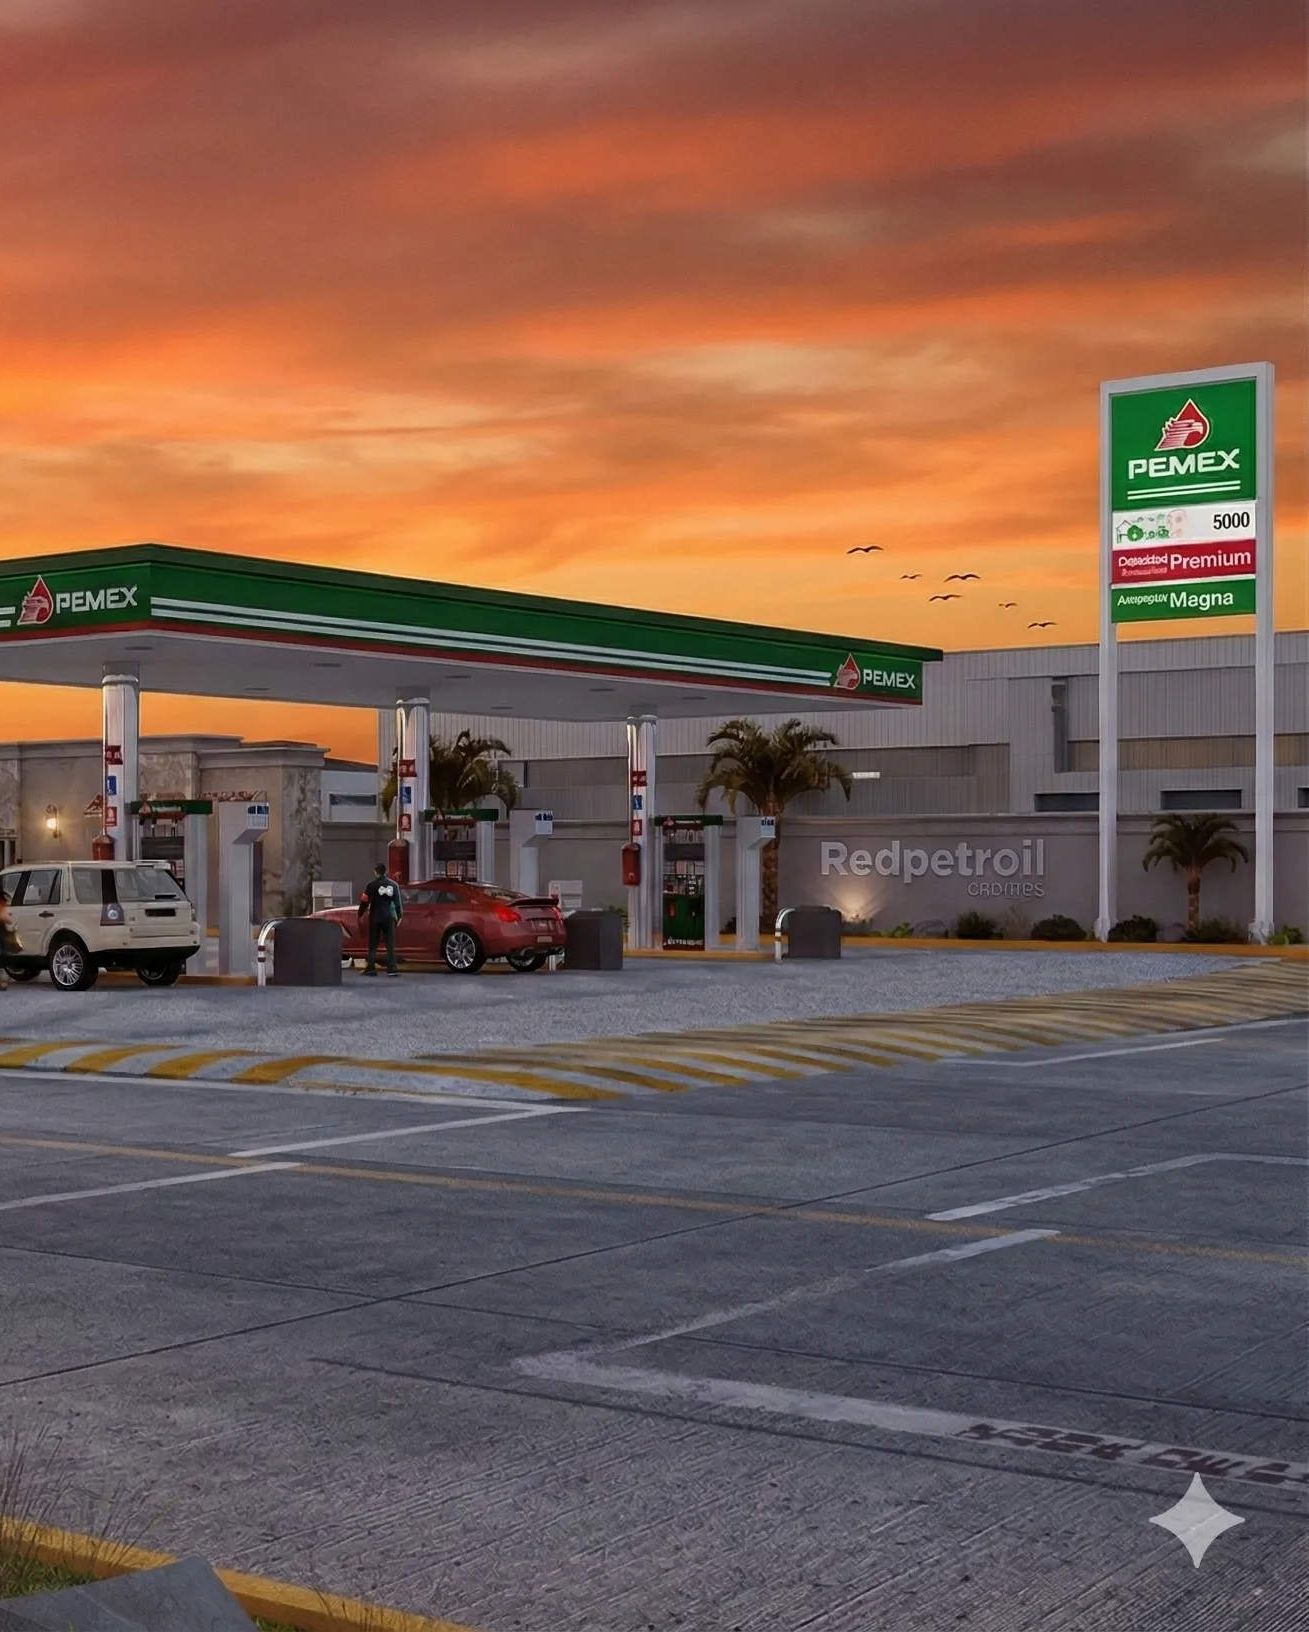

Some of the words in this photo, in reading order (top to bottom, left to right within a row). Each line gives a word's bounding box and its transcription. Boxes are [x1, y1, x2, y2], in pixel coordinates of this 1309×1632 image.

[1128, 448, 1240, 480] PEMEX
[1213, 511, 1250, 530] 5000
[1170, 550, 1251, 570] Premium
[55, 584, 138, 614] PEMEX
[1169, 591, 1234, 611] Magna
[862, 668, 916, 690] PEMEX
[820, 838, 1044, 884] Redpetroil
* * * * * * * * *
### What you will do
Please repeat the entries above exactly, leaving out any pictures.

### Result of the exercise
Some of the words in this photo, in reading order (top to bottom, left to right within a row). Each line gives a word's bounding box and its transcription. Boxes are [x1, y1, x2, y2], in pixel coordinates of this 1309×1632 image.

[1128, 448, 1240, 480] PEMEX
[1213, 511, 1250, 530] 5000
[1170, 550, 1251, 570] Premium
[55, 584, 138, 614] PEMEX
[1169, 591, 1234, 611] Magna
[862, 668, 916, 690] PEMEX
[820, 838, 1044, 884] Redpetroil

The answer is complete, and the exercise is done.